Spatial localization data
*** Block opens ***
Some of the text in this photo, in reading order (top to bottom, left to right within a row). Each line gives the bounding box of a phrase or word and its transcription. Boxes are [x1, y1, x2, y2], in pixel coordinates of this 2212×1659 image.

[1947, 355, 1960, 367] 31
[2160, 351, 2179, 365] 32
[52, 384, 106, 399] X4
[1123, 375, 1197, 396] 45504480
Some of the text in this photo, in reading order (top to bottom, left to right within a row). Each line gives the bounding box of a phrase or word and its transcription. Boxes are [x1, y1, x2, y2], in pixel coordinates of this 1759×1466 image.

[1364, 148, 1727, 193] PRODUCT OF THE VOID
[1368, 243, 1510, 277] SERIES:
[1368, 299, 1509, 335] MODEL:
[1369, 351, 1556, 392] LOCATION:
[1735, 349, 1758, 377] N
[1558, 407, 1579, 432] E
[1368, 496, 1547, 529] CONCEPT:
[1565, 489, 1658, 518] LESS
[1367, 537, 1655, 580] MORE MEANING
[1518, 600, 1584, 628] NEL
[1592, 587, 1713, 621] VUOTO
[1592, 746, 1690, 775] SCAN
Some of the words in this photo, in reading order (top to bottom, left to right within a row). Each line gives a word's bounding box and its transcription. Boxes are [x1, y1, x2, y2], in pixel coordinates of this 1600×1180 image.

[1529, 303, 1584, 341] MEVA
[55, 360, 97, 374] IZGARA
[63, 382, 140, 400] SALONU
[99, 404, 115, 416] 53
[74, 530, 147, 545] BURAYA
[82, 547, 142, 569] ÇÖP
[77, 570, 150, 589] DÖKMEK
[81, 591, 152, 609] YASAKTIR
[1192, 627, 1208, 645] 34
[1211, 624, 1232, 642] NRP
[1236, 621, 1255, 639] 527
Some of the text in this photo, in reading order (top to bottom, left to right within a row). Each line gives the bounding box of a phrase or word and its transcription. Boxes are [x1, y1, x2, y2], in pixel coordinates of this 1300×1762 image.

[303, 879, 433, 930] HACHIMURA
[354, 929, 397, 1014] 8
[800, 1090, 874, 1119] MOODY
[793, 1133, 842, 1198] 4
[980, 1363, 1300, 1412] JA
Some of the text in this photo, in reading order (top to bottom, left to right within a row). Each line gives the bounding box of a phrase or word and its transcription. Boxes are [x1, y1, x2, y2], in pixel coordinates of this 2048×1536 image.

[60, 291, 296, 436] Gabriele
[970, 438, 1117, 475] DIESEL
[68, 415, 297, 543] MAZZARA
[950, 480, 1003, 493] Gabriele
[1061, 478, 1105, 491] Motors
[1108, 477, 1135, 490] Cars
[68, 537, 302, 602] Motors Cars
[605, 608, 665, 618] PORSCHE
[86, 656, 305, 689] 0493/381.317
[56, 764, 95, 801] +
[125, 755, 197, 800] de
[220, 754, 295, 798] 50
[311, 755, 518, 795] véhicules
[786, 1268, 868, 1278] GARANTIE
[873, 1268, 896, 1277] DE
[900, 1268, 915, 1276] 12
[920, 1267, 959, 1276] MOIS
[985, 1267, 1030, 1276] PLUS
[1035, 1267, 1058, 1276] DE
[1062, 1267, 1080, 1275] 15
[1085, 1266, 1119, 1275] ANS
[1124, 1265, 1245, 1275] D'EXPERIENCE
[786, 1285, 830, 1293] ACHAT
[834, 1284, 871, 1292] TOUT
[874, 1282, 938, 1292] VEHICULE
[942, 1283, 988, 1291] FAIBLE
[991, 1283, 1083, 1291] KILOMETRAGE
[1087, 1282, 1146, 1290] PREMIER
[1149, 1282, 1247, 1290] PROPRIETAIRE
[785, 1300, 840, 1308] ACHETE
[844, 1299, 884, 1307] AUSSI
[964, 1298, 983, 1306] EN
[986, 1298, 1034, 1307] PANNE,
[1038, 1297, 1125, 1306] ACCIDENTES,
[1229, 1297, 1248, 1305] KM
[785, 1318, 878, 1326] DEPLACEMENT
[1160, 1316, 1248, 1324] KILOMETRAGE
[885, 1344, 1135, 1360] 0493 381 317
*** Block closes ***
REQUIREMENT ::
Transcribe every line of the data, exactly as it stands.

RESPONSE TO THIS TASK ::
Some of the text in this photo, in reading order (top to bottom, left to right within a row). Each line gives the bounding box of a phrase or word and its transcription. Boxes are [x1, y1, x2, y2], in pixel coordinates of this 2212×1659 image.

[1947, 355, 1960, 367] 31
[2160, 351, 2179, 365] 32
[52, 384, 106, 399] X4
[1123, 375, 1197, 396] 45504480
Some of the text in this photo, in reading order (top to bottom, left to right within a row). Each line gives the bounding box of a phrase or word and its transcription. Boxes are [x1, y1, x2, y2], in pixel coordinates of this 1759×1466 image.

[1364, 148, 1727, 193] PRODUCT OF THE VOID
[1368, 243, 1510, 277] SERIES:
[1368, 299, 1509, 335] MODEL:
[1369, 351, 1556, 392] LOCATION:
[1735, 349, 1758, 377] N
[1558, 407, 1579, 432] E
[1368, 496, 1547, 529] CONCEPT:
[1565, 489, 1658, 518] LESS
[1367, 537, 1655, 580] MORE MEANING
[1518, 600, 1584, 628] NEL
[1592, 587, 1713, 621] VUOTO
[1592, 746, 1690, 775] SCAN
Some of the words in this photo, in reading order (top to bottom, left to right within a row). Each line gives a word's bounding box and its transcription. Boxes are [x1, y1, x2, y2], in pixel coordinates of this 1600×1180 image.

[1529, 303, 1584, 341] MEVA
[55, 360, 97, 374] IZGARA
[63, 382, 140, 400] SALONU
[99, 404, 115, 416] 53
[74, 530, 147, 545] BURAYA
[82, 547, 142, 569] ÇÖP
[77, 570, 150, 589] DÖKMEK
[81, 591, 152, 609] YASAKTIR
[1192, 627, 1208, 645] 34
[1211, 624, 1232, 642] NRP
[1236, 621, 1255, 639] 527
Some of the text in this photo, in reading order (top to bottom, left to right within a row). Each line gives the bounding box of a phrase or word and its transcription. Boxes are [x1, y1, x2, y2], in pixel coordinates of this 1300×1762 image.

[303, 879, 433, 930] HACHIMURA
[354, 929, 397, 1014] 8
[800, 1090, 874, 1119] MOODY
[793, 1133, 842, 1198] 4
[980, 1363, 1300, 1412] JA
Some of the text in this photo, in reading order (top to bottom, left to right within a row). Each line gives the bounding box of a phrase or word and its transcription. Boxes are [x1, y1, x2, y2], in pixel coordinates of this 2048×1536 image.

[60, 291, 296, 436] Gabriele
[970, 438, 1117, 475] DIESEL
[68, 415, 297, 543] MAZZARA
[950, 480, 1003, 493] Gabriele
[1061, 478, 1105, 491] Motors
[1108, 477, 1135, 490] Cars
[68, 537, 302, 602] Motors Cars
[605, 608, 665, 618] PORSCHE
[86, 656, 305, 689] 0493/381.317
[56, 764, 95, 801] +
[125, 755, 197, 800] de
[220, 754, 295, 798] 50
[311, 755, 518, 795] véhicules
[786, 1268, 868, 1278] GARANTIE
[873, 1268, 896, 1277] DE
[900, 1268, 915, 1276] 12
[920, 1267, 959, 1276] MOIS
[985, 1267, 1030, 1276] PLUS
[1035, 1267, 1058, 1276] DE
[1062, 1267, 1080, 1275] 15
[1085, 1266, 1119, 1275] ANS
[1124, 1265, 1245, 1275] D'EXPERIENCE
[786, 1285, 830, 1293] ACHAT
[834, 1284, 871, 1292] TOUT
[874, 1282, 938, 1292] VEHICULE
[942, 1283, 988, 1291] FAIBLE
[991, 1283, 1083, 1291] KILOMETRAGE
[1087, 1282, 1146, 1290] PREMIER
[1149, 1282, 1247, 1290] PROPRIETAIRE
[785, 1300, 840, 1308] ACHETE
[844, 1299, 884, 1307] AUSSI
[964, 1298, 983, 1306] EN
[986, 1298, 1034, 1307] PANNE,
[1038, 1297, 1125, 1306] ACCIDENTES,
[1229, 1297, 1248, 1305] KM
[785, 1318, 878, 1326] DEPLACEMENT
[1160, 1316, 1248, 1324] KILOMETRAGE
[885, 1344, 1135, 1360] 0493 381 317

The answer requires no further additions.